This instrument hasn’t really been available to startups until quite recently. Banks offer loans with different repayment mechanisms, and don’t often want to work with unproven companies. And while newer, more modern banks are emerging, most don’t lend to companies just yet.

Which is why I’m excited to talk about revenue-based financing as we’ve built it at Conscious Growth. Our entire purpose is to create founder-friendly financial products, and we’re starting by giving companies short-term cash injections, based on the strengths they’ve already demonstrated.

The result is a lower-risk loan for investors that doesn’t dilute the entrepreneur’s ownership, and the chance for the first to get involved in a range of promising and productive smaller businesses.

We’ll go into the finer points throughout the course of this article. But first, let me explain what this financial instrument looks like for us.

About Conscious Growth

Conscious Growth started in September 2019, and I joined in January as Co-Founder and CIO: both Chief Investment and Impact Officer. For us, these two things go together, and we’ll talk more about the social & environmental DNA of the company soon.

With Conscious Growth, we’re building the first startup bank for good. At its core, the idea is to offer founder-friendly funding with a global impact DNA. We believe that all companies can be people & planet-driven and contribute to the larger change we need to see. Such components are embedded throughout all of our offerings.

Our clients not only need funding, but also a proper banking partner aligned to their values that they can grow with. There’s really a lot of demand and need for an additional player to serve the startup scene. When you look at the nearly 24 million SMBs in Europe, less than 2% of those are banking with a neobank. A lot that still can be done!
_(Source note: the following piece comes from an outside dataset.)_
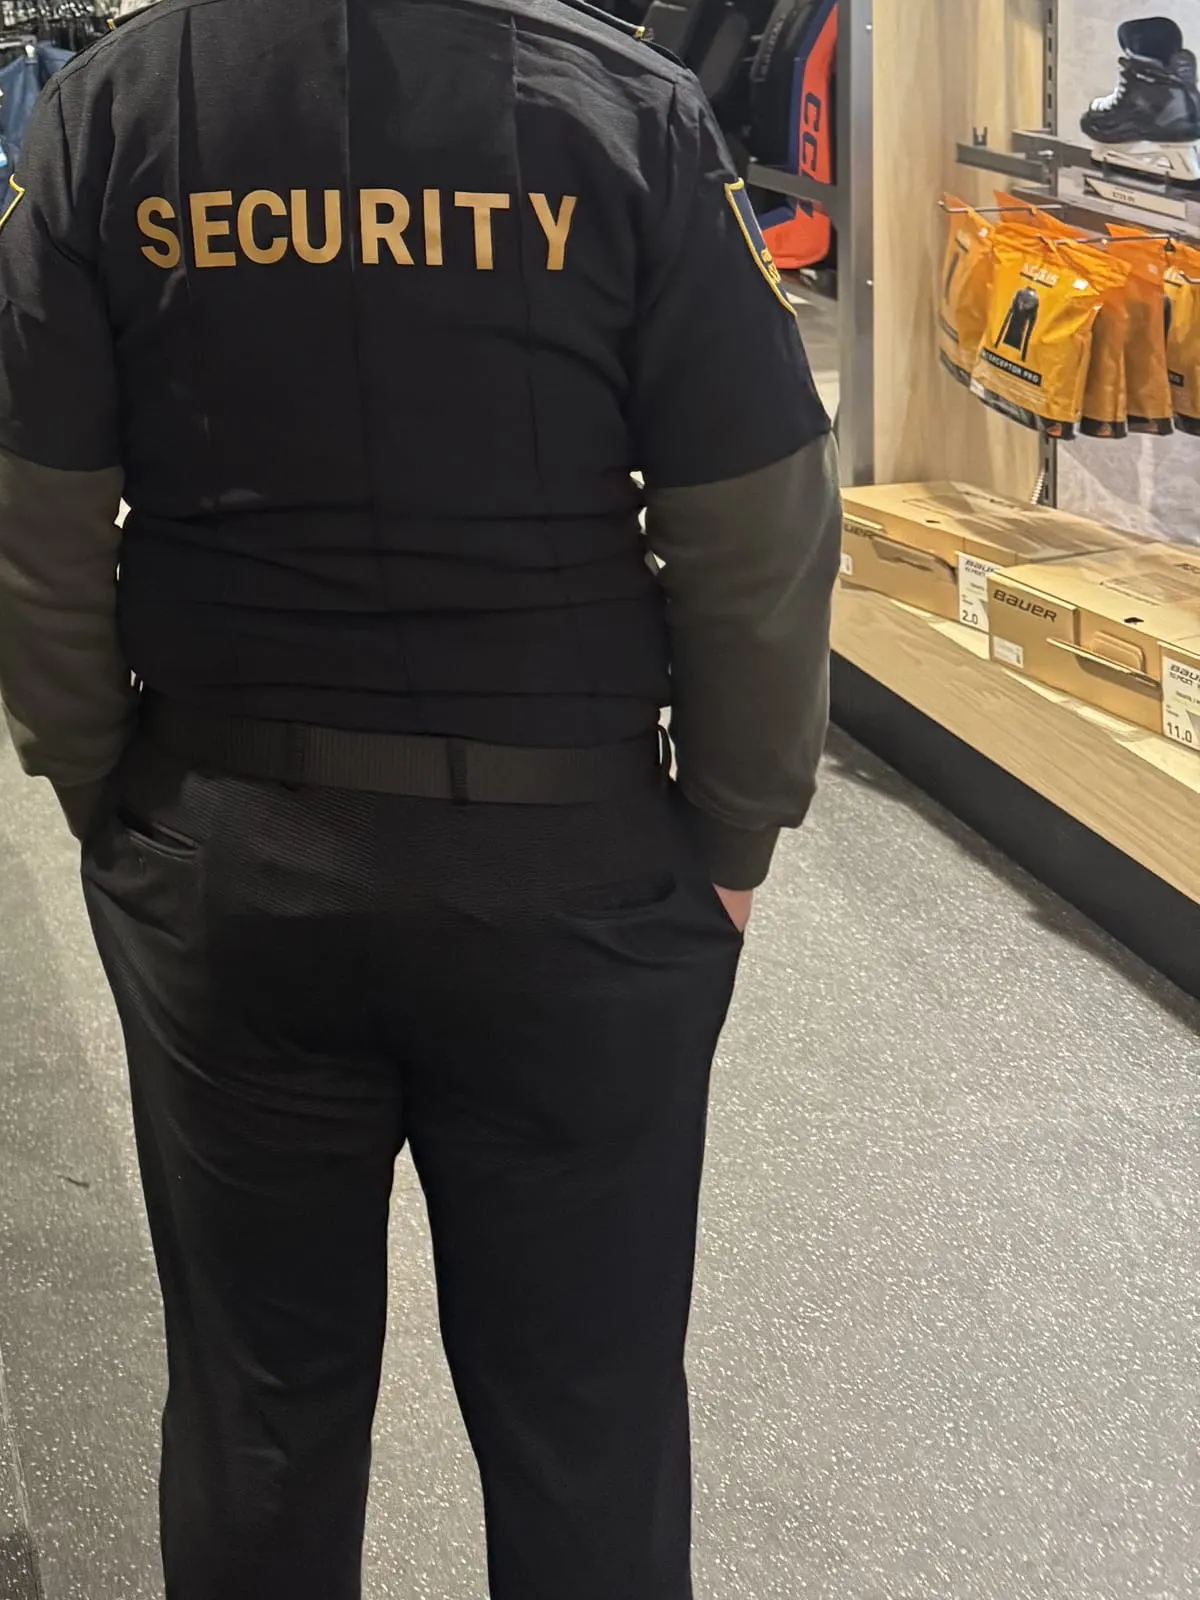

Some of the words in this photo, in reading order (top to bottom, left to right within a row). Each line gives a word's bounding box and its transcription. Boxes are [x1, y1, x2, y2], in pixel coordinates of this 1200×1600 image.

And most of the time, what prevents companies from working with those neobanks is that they lack certain services that traditional banks can offer - namely lending and funding. So we’ve started by providing funding because that’s the clearest pressure point we can see for companies.

As mentioned, we’re starting by providing short-term revenue-based financing. But we’ll expand that offering in the future, and along with funding we’ll soon offer accounts and cards.

How revenue-based financing works

We really believe that this is an option that’s been missing in Europe. It’s really interesting for founders because it’s non-dilutive and, in our case, works quickly.

There are different ways to access revenue-based financing and you can use it for different reasons and in different ways. But essentially, it works like this:

  • A company secures a loan from a lender (like Conscious Growth) for a specific purpose - usually marketing and advertising costs.

  • The loan is repaid by a fixed percentage of the company’s revenue. The loan has thus a variable lifespan - it might take more or less time to repay, depending on how much revenue the company generates month by month.

  • If the company sees higher revenue than expected, the debt is then repaid quicker. But if revenues are lower, for instance because of seasonality, the weekly instalment will also end up being lower.

In our case, we initially fund shorter-term expenses and investments that can be repaid within 6-9 months. We look at the marketing expenses of these companies, then at the amount of revenue they’ll likely be generating with more investment, so that we can agree on a percentage of revenue that’ll come back to us to repay the investment within that time frame.

We’re focusing on short-term investments that are revenue-generating, mostly in digital marketing and sales expenses. But also evolving into working capital and other short-term needs companies have.

In Germany, for instance, there are so many digital startups that aren’t venture-backed, but could benefit from such an instrument once they reach sustainable revenue levels. When we look at the full European ecosystem, we see this trend of digitization that’s been sped up by the COVID crisis.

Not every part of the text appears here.